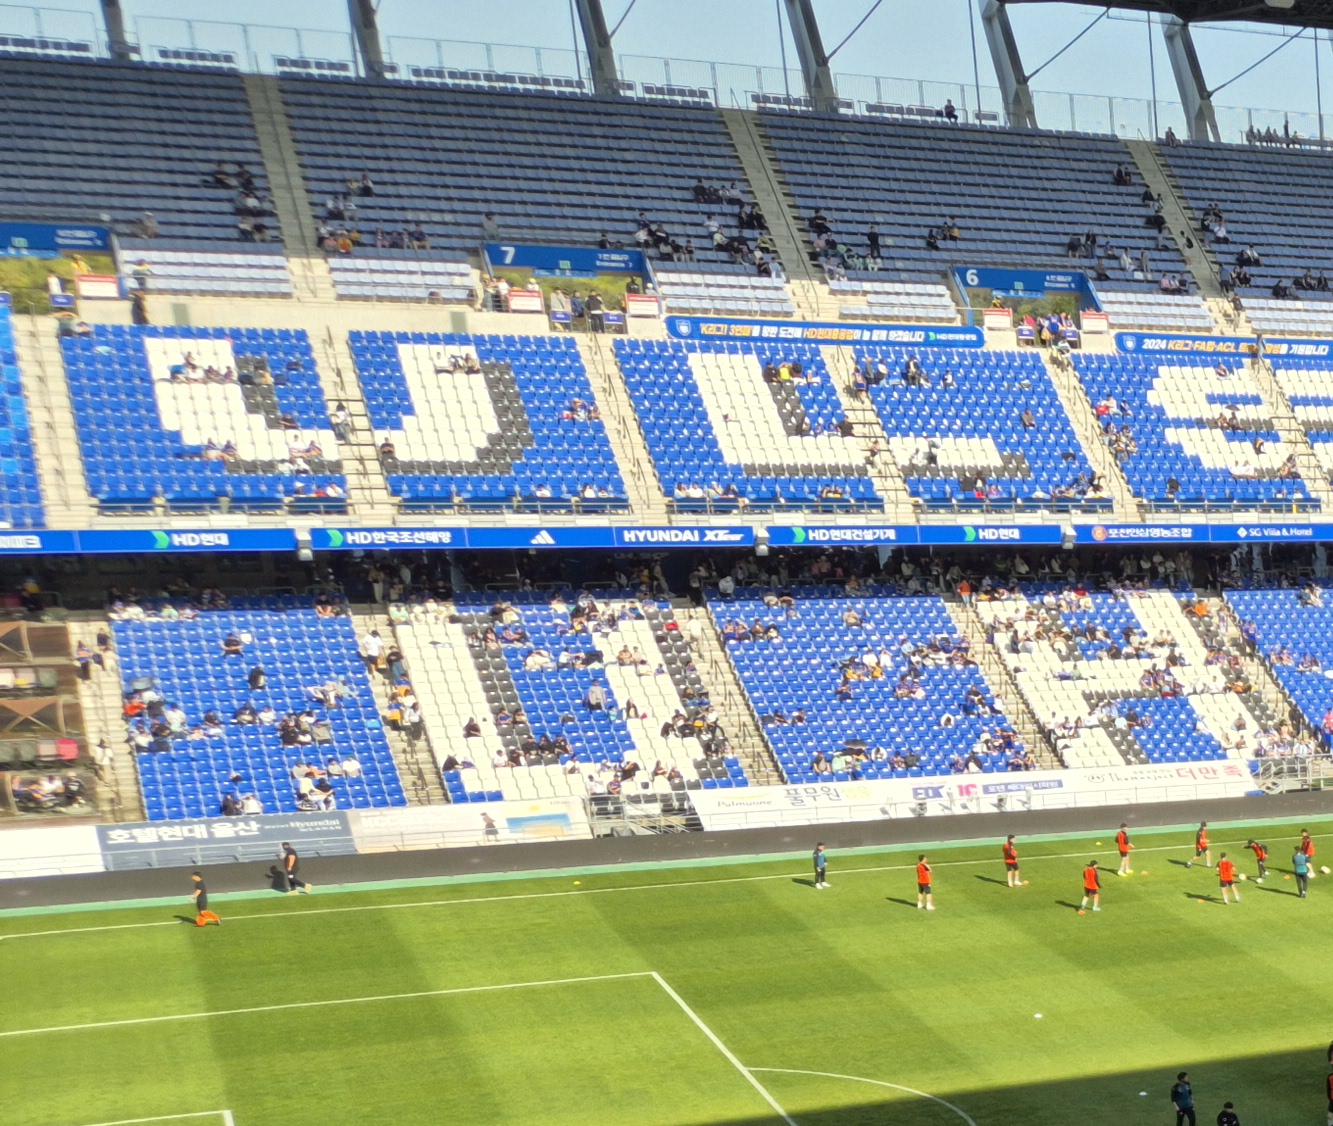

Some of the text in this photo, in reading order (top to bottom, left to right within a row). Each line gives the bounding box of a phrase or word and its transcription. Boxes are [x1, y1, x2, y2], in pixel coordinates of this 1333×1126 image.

[500, 247, 516, 264] 7
[965, 269, 980, 286] 6
[1141, 338, 1167, 350] 2024
[346, 531, 451, 545] HD한국조선해양
[623, 529, 700, 542] HYUNDAI
[807, 528, 896, 541] HD현대건설기계
[784, 786, 842, 807] 풀무원
[716, 800, 772, 808] Pulmuone
[289, 817, 341, 829] Hyundai
[107, 820, 260, 845] 호텔현대 울산

§ **What the exercise asks**:
Print all entries exactly; skip the pictures.

§ **Result below**:
Some of the text in this photo, in reading order (top to bottom, left to right within a row). Each line gives the bounding box of a phrase or word and its transcription. Boxes are [x1, y1, x2, y2], in pixel coordinates of this 1333×1126 image.

[500, 247, 516, 264] 7
[965, 269, 980, 286] 6
[1141, 338, 1167, 350] 2024
[346, 531, 451, 545] HD한국조선해양
[623, 529, 700, 542] HYUNDAI
[807, 528, 896, 541] HD현대건설기계
[784, 786, 842, 807] 풀무원
[716, 800, 772, 808] Pulmuone
[289, 817, 341, 829] Hyundai
[107, 820, 260, 845] 호텔현대 울산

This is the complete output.